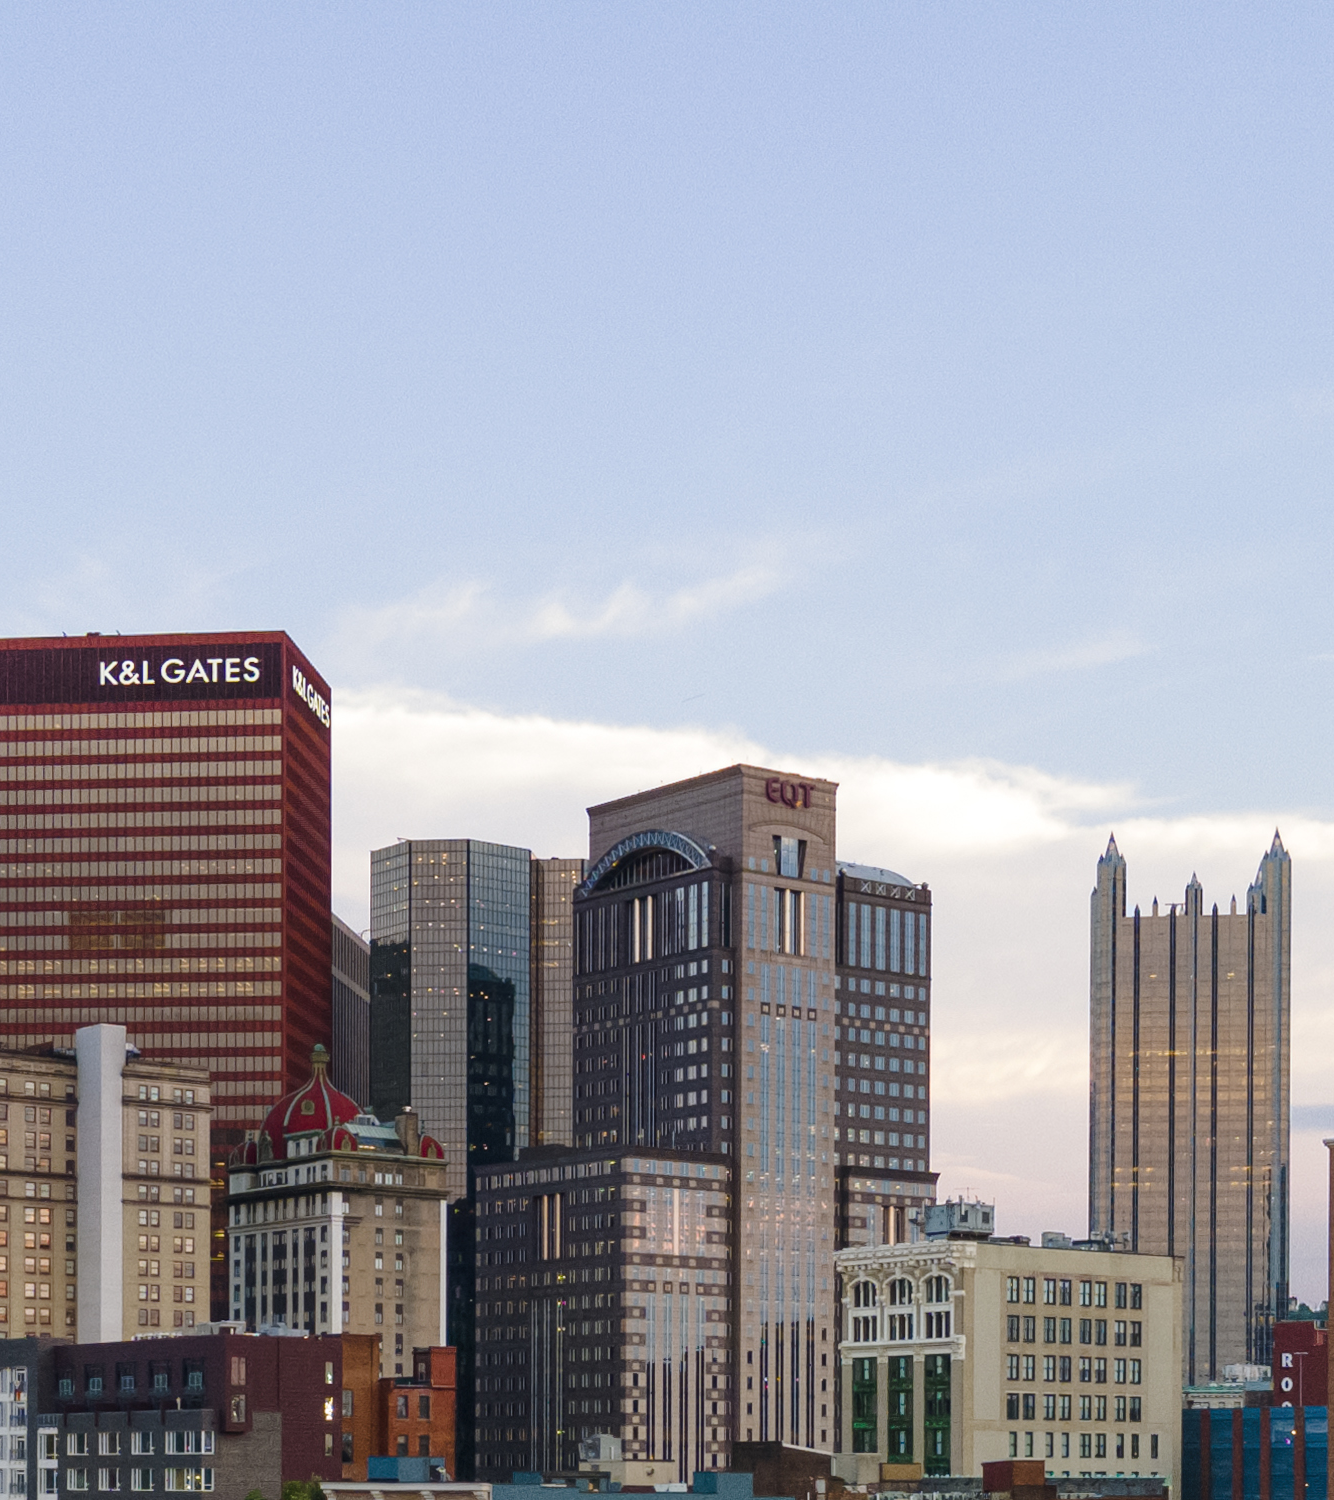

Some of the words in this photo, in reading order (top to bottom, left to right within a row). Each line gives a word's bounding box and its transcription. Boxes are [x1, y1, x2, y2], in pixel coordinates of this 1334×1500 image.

[99, 660, 155, 686] K&L
[160, 656, 260, 684] GATES
[292, 665, 308, 702] K&L
[307, 684, 330, 729] GATES
[765, 777, 816, 809] EQT
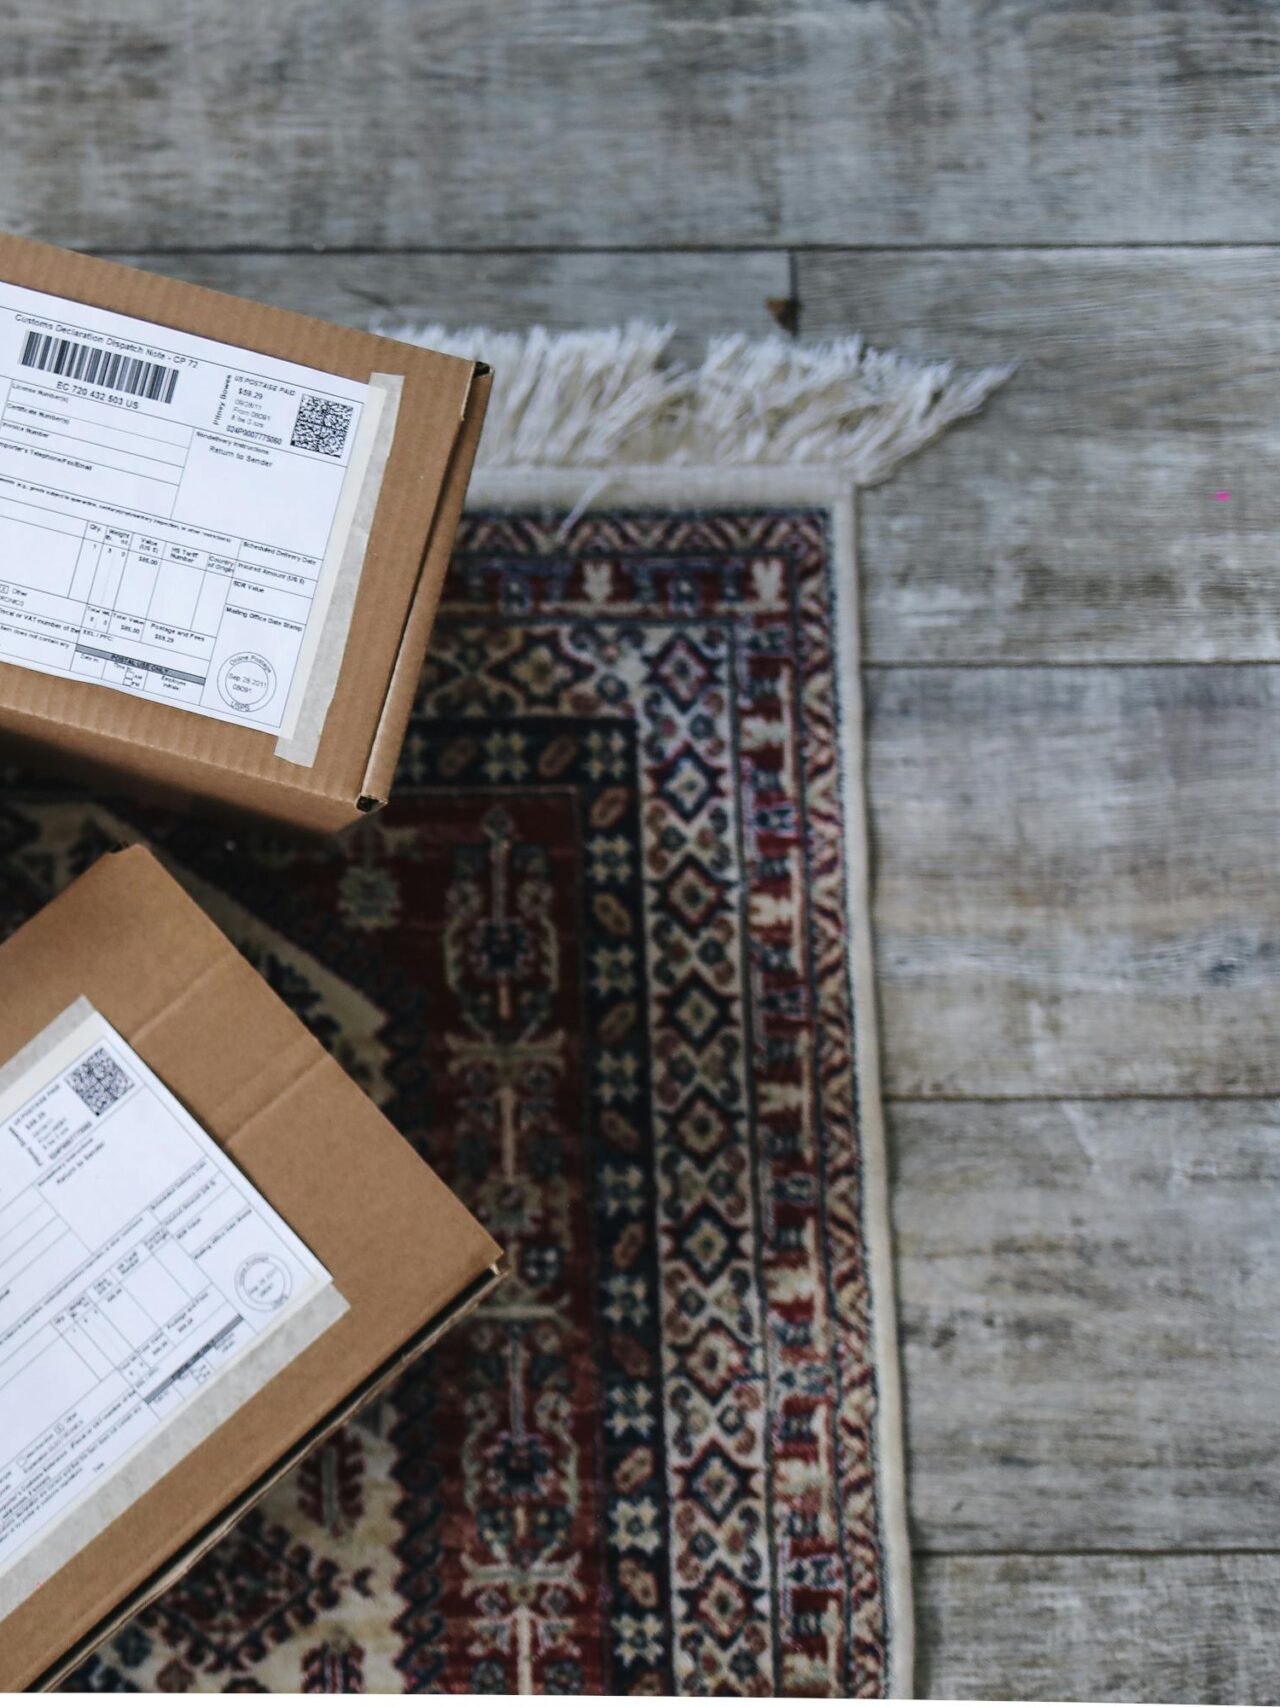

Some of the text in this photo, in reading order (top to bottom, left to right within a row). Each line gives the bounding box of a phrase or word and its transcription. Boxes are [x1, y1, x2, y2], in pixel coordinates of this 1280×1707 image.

[14, 313, 199, 369] Customs Declaration Dispatch Note CP 72
[56, 381, 70, 391] EC
[72, 384, 88, 396] 720
[89, 390, 106, 401] 432
[125, 399, 139, 410] US
[209, 445, 273, 467] Return to Sender

**Exercise description**
Every line above should be output exactly, except for the pictures.

**Solution to this exercise**
Some of the words in this photo, in reading order (top to bottom, left to right within a row). Each line gives a word's bounding box and its transcription. Boxes are [x1, y1, x2, y2], in pixel coordinates of this 1334×1500 image.

[99, 660, 155, 686] K&L
[160, 656, 260, 684] GATES
[292, 665, 308, 702] K&L
[307, 684, 330, 729] GATES
[765, 777, 816, 809] EQT

Some of the text in this photo, in reading order (top to bottom, left to right within a row). Each line gives the bounding box of a phrase or word and its transcription. Boxes are [x1, y1, x2, y2], in pixel coordinates of this 1280×1707 image.

[14, 313, 199, 369] Customs Declaration Dispatch Note CP 72
[56, 381, 70, 391] EC
[72, 384, 88, 396] 720
[89, 390, 106, 401] 432
[125, 399, 139, 410] US
[209, 445, 273, 467] Return to Sender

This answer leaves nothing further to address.